◆ WHAT NEEDS TO BE DONE
Exact wording is required: give all the records again, minus the pictures.
───
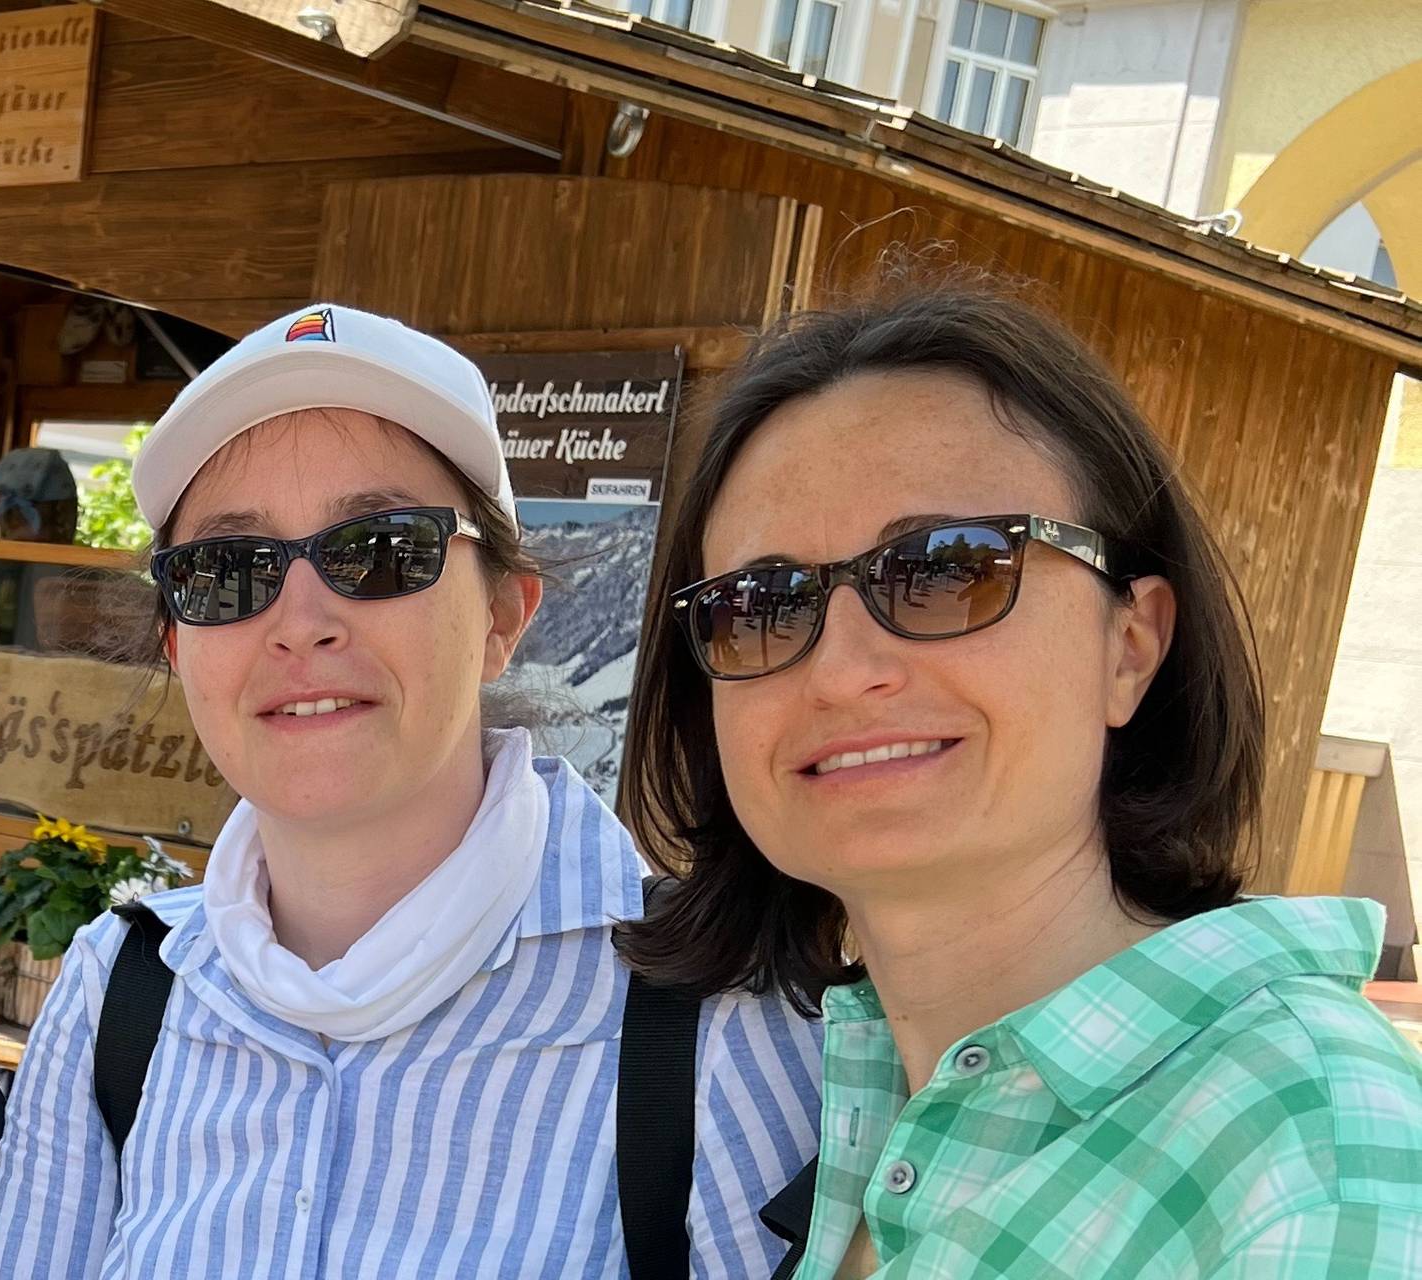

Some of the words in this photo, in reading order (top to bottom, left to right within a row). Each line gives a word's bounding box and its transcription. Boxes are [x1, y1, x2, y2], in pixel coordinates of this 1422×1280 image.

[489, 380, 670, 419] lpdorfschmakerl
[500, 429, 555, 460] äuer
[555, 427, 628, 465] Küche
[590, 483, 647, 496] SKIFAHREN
───
◆ SOLUTION TO THIS PROBLEM
Some of the words in this photo, in reading order (top to bottom, left to right within a row). Each line gives a word's bounding box and its transcription. Boxes are [x1, y1, x2, y2], in pixel coordinates of this 1422×1280 image.

[489, 380, 670, 419] lpdorfschmakerl
[500, 429, 555, 460] äuer
[555, 427, 628, 465] Küche
[590, 483, 647, 496] SKIFAHREN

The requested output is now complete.